Catching Fire leaves fans hungry for more

    A year was much too long to wait between the premier of Hunger Games until round two – Catching Fire – hit the theaters. It didn’t matter that most true fans have read the entire trilogy; seeing it on the big screen is a whole different experience.

    Katniss first senses the growing rebellion during the victory tour she and fellow victor Peeta Mellark take through the districts; distressed by the violence she sees and which President Snow blames on Katniss, she strives to play down the rebellion and herself as a symbol, all to no avail. Snow and the new gamemaker decide to hold a very special Quarter Quell in honor of the 75th anniversary of the games, “inviting” former victors to return to the ring for a new challenge.

    Twenty-four victors – people who survived their own games and deal with their own demons because of it – are forced to head back into the arena. Katniss, being the only female victor from her district, has no hope of escaping another round. What she doesn’t know is that many of the other returning victors have bound together to keep her, as the new symbol of revolution for all of Panem, alive and well.

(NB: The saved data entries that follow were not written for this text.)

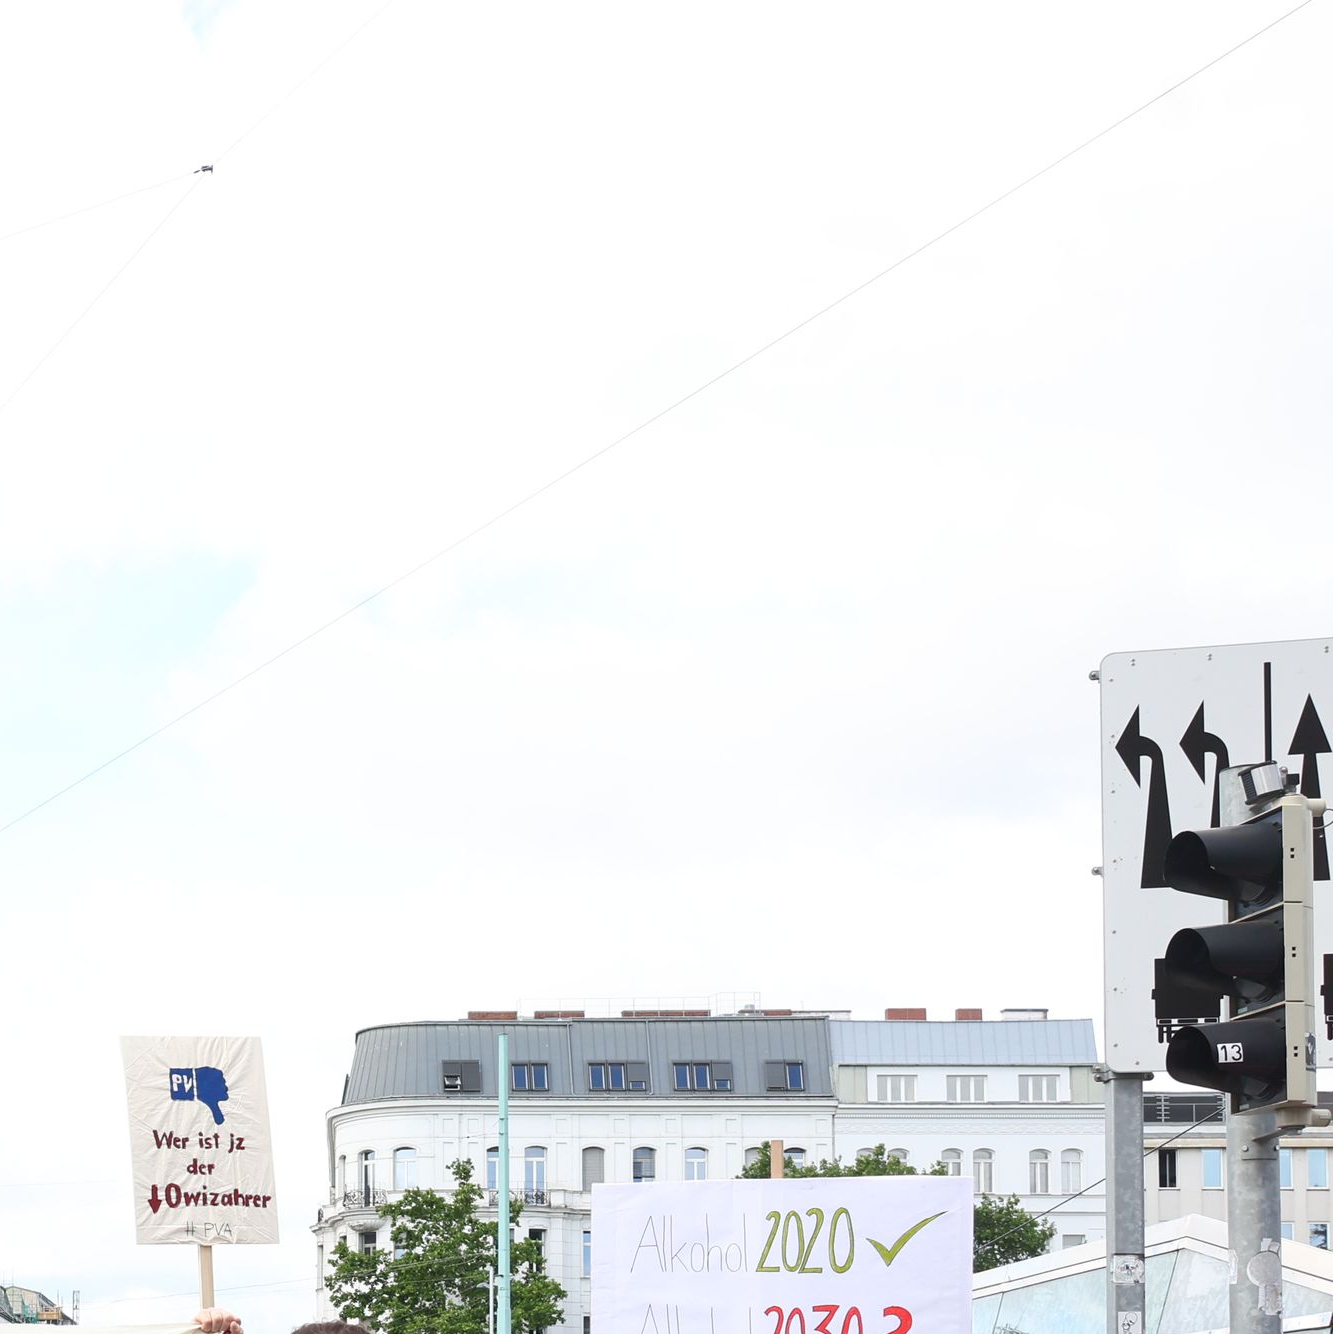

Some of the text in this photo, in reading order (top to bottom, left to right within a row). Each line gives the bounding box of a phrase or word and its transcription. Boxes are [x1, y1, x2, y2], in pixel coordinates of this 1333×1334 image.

[1221, 1045, 1242, 1061] 13
[152, 1130, 246, 1153] Wer ist jz
[186, 1158, 215, 1175] der
[204, 1222, 233, 1237] PVA
[630, 1207, 855, 1274] Alkohol 2020

    The game itself is intense – different life-threatening events take place in different areas of the arena every hour on the hour. You would think the more entertaining part would be the games themselves, but instead it’s the slower, more character-driven part of the film that holds the most interest. Events feel a little rushed at times, but the character development and the relationships they develop with one another – even when those relationships are short lived, drive the story. Catching Fire is more substantial than the first film, because it delves deeper into themes such as loyalty, love, honor, sacrifice and freedom.

    The end of the movie, which sees Katniss alive and in the hands of the rebels, who want her to take over the lead, is intense; Katniss learns that Peeta is in the hands of the capitol, apparently one more loved one that she has lost over the past couple of years. Convincingly realistic and scary – while the games themselves seem a little too crazy to believe they could ever happen, much of the other repression and secrecy is not – Catching Fire leaves fans of the trilogy hungry for more, with a long wait ahead. Mockingjay, the third book in the trilogy, will be broken into two separate full-length movies, with the first part released in November of 2014 and the second released in November 2015.